Wellness and trauma
Two days before my wedding, I was mugged.
A friend and I were walking home with groceries when four people pushed us down in an alley and started kicking us and demanding money.
I was more angry than afraid. My wallet was under me, in my back pocket, and I was determined not to give it up. Our attackers were all wearing shorts and sneakers, and I noticed that only one of them was kicking me, while three were kicking my friend. That seemed unfair. My friend was screaming. I was silent.
Most of our groceries were scattered on the ground, but the hamburger rolls were up in a bush. I wondered about the ice cream. It was a balmy evening, just around sunset, and I noticed people sitting and talking on nearby porches. After what seemed like forever but was probably just a few minutes, one of those people yelled something and the four would-be thieves sprinted away down the alley empty-handed.
We picked up the groceries, thanked the man who had yelled and walked home. We called the police and filed a report, then ate our hamburgers accompanied by several stiff drinks.
Two days later, I had big bruises on my thighs, and my friend could barely walk. When I told my mother what had happened, she said, “Thank God they didn’t get your face.”
I got married, danced with my bruised friend at the reception and went on my honeymoon. Everything seemed fine. I told myself it could have been worse. I don’t remember anyone ever asking me if I was OK once the bruises faded. But I felt different. I was afraid. Ever since then, I’m wary when I pass an alley.

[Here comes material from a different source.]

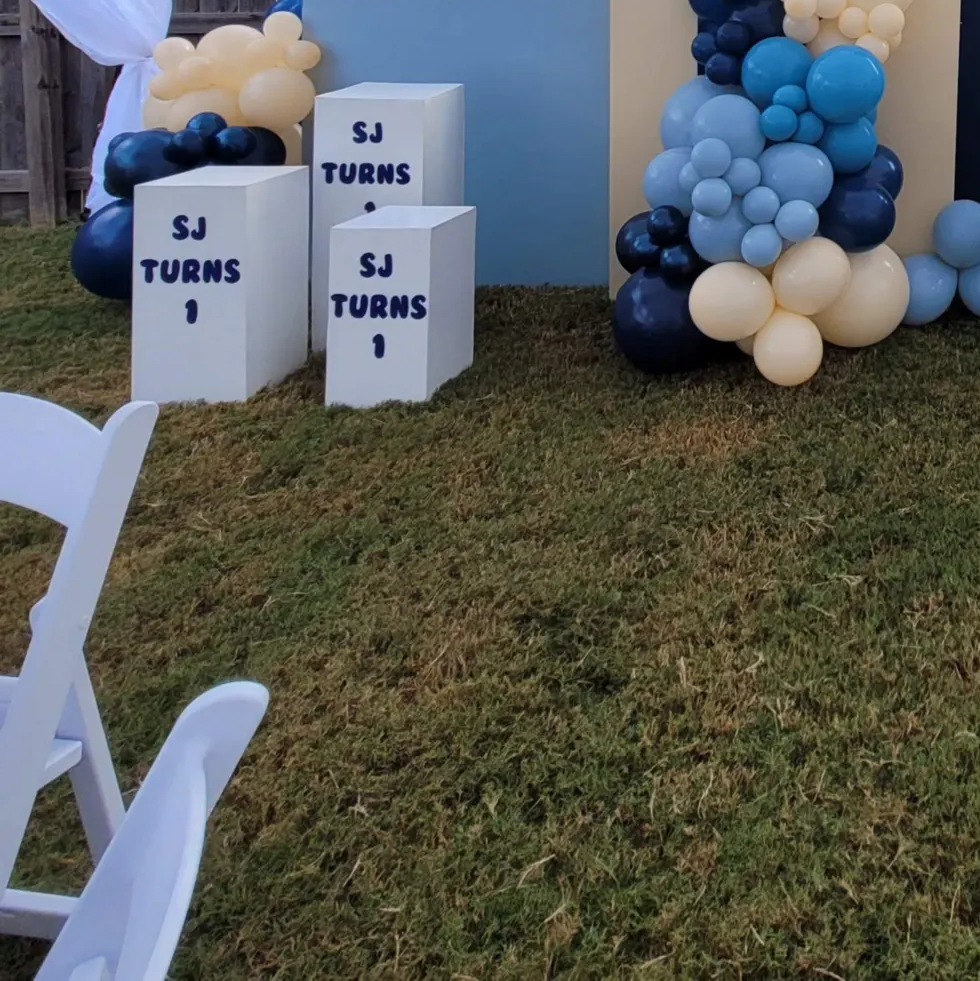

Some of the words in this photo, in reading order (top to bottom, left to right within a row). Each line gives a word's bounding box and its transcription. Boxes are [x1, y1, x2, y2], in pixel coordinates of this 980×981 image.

In the great continuum of trauma, I think this is at the low end. But it had an impact. And my mother’s appalling (but understandable) reaction was a wound.
In one way or another, we all experience trauma and its aftermath. It shapes who we are. A big part of wellness is our ability to recover and learn from trauma — and our ability to be supportive and empathetic when those around us experience trauma.
For that reason, we are making trauma and recovery the theme of our 2024 wellness issue, to be published in January.